We apply the experiences learned from organizing large-scale knowledge bases to develop a framework for the industrial-sized software reuse. We use multiple views as vehicles for separation of concerns. They allow reusers to address only those concerns or criteria that are of interest, ignoring others that are unrelated. They also facilitate the partitioning of a software reuse process into loosely coupled, distributable views that encapsulate partial specifications described in different notations, and locally developed and managed according to different reuse work plans. Our approach has therefore reduced the complexity of software component library based on this principle. In particular, it has allowed us to envisage the consequences of fundamental decentralization of software engineering knowledge.

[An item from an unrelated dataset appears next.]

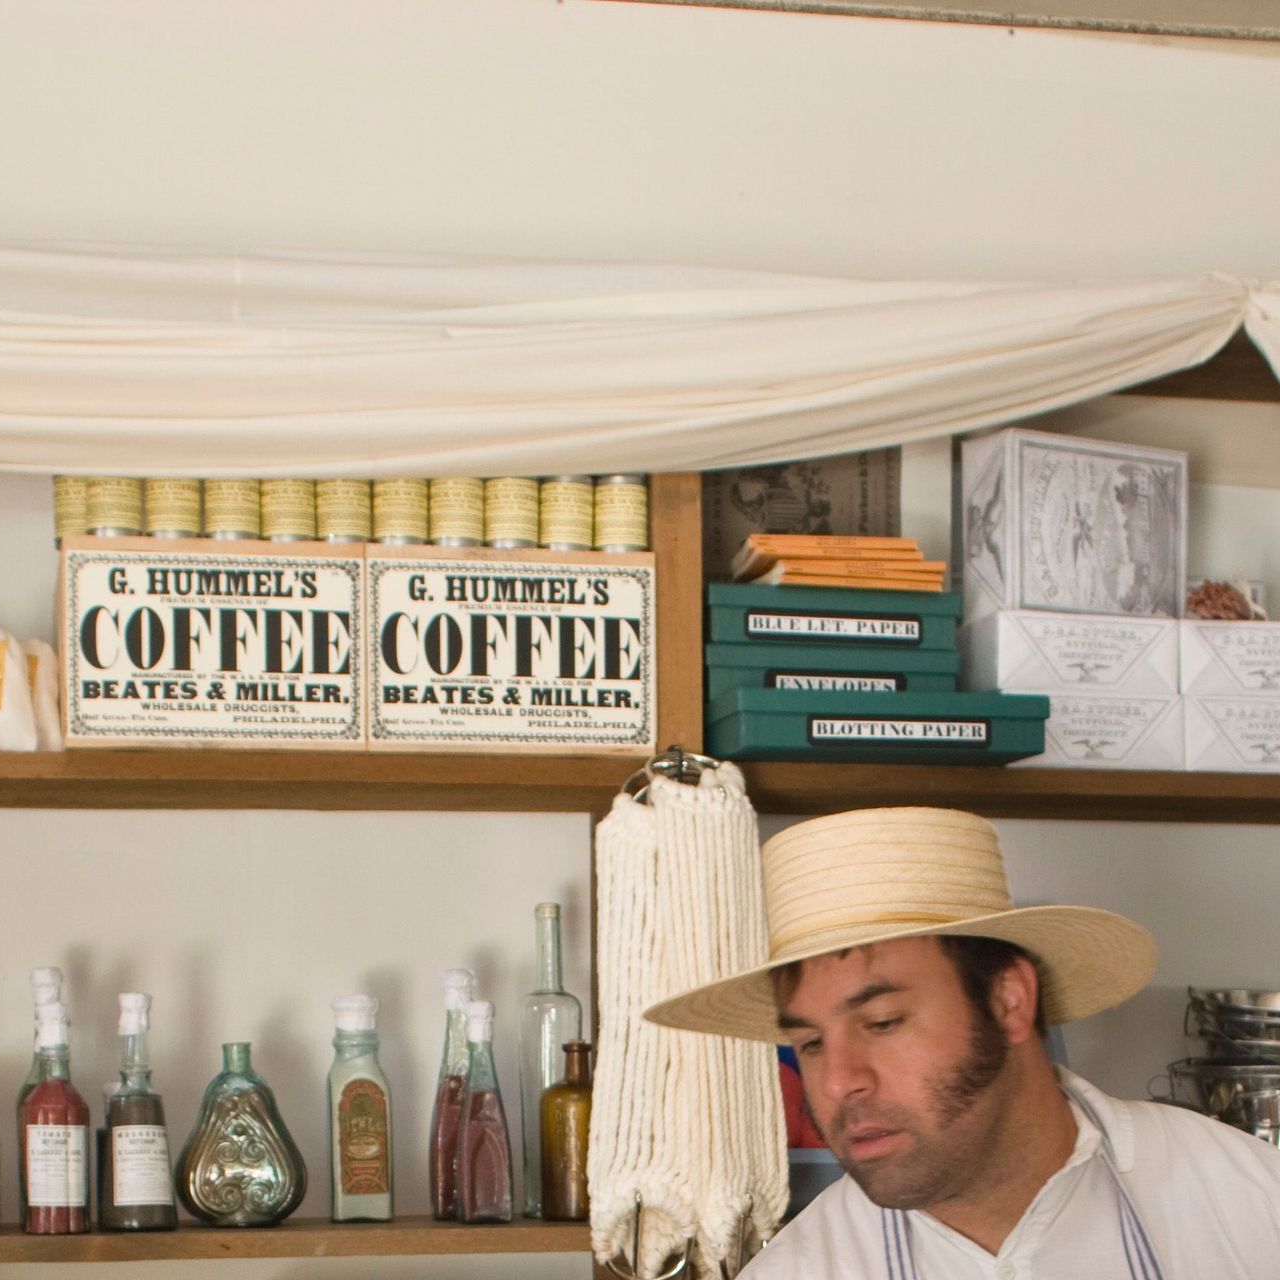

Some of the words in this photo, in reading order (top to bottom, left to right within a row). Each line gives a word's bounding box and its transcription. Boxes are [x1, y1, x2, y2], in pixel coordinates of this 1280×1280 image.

Contextual knowledge representation is adopted to enhance the expressiveness for software component library description. Integrated CBR mechanism alleviates the knowledge acquisition difficulty, since cases are easy to obtain and need not be interpreted for their knowledge content. We are implementing our multiple-view framework using the knowledge organizational representation language (KORL) [Chen and Warsi, 1994] under development by Army Center of Excellence in Information Science at Clark Atlanta University. Compared with those highly domain specific and algorithmic methods, our approach has potential to handle a large-scale compositional software reuse and its computational growth appears to be linear in the length of the components under retrieval. This approach, however, may suffer the converse problem in that its results are more ambiguous and incomplete.